I was careful, when laying out the canonical circuit, to make sure that the multi-target CNOT operations (the tall black structures) had matching sides. This allows us to bridge them in a way that simply merges their sides:

Next we're going to fix that giant staircase on the left, caused by replacing the multi-target X-controlled Z with many CNOTs. The key idea here is that, if we take the white ring extending left along the top, and pull it downward, then we can slide each of the black rings around that white ring to also point left. This makes it so that the rings no longer overlap in the horizontal direction:

Now we do a small prepatory move, before pulling those horizontal black rings rightward, by flattening out the vertical black rings that the horizontal black rings will be bridged into. We could have made this move as soon as the white poles had retracted, but we're making it now instead:

It's now possible to pull the horizontal black rings in tight, bridging them into the vertical rings. Let's also switch our perspective, so that time is moving upward instead of rightward:

Now that we've bridge-compressed the black rings, a new feature has appeared in the diagram: there are white rings completely surrounding single black poles.
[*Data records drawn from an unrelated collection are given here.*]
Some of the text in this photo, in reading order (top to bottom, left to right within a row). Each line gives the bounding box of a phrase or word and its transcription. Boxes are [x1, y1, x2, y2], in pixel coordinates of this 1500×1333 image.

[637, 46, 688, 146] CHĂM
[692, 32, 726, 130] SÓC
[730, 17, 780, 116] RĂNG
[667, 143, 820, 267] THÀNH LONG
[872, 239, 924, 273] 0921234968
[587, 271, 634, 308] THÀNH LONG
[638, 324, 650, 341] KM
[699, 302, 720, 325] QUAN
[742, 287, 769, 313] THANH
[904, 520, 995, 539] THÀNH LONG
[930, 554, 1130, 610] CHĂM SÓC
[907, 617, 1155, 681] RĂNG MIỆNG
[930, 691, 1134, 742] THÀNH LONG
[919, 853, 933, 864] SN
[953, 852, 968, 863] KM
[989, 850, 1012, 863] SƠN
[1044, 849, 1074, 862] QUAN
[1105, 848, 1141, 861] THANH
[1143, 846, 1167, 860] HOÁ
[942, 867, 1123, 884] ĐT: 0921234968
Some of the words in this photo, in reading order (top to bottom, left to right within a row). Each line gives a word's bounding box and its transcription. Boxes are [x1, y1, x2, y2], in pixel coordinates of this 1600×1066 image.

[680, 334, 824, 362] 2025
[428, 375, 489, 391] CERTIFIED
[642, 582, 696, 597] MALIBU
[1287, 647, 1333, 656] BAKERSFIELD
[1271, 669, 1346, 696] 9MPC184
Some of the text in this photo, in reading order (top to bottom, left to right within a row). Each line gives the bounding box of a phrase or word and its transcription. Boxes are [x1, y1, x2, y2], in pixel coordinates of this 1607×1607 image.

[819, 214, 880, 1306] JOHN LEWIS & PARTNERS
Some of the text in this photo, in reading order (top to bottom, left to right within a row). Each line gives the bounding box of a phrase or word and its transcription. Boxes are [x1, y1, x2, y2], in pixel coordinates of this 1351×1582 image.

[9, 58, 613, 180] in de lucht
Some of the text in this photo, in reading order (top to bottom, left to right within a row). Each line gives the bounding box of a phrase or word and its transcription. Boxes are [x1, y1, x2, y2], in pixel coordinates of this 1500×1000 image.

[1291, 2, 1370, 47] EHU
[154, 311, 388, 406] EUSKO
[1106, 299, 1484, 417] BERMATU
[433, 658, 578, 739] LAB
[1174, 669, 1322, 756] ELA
These rings actually "cut" the black poles (it's impossible for quantum correlations to make it through the ring, so its contents may as well not be present), and then the ring can be collapsed. Here's the result of doing that:

Then just a bit of tightening up:

And that's it! If you count the white boxes from bottom to top, you'll see we're at depth 7 instead of depth 12. (Well, actually, you'd want the outputs to exit backward heading into the far distance so they don't overlap with the next instantiation of the factory coming immediately afterwards. But you can close the white outputs around black rings to send them sideways.)

There are more optimizations we can do. For example, we still have the opportunity to add bridges between several of the white chunks. I'm positive the construction can go down to depth 6. But I've been putting off this blog post for months, and in my mind braiding has been superceded by lattice surgery, so let's call 7 close-enough-to-half of 12 and leave it at that.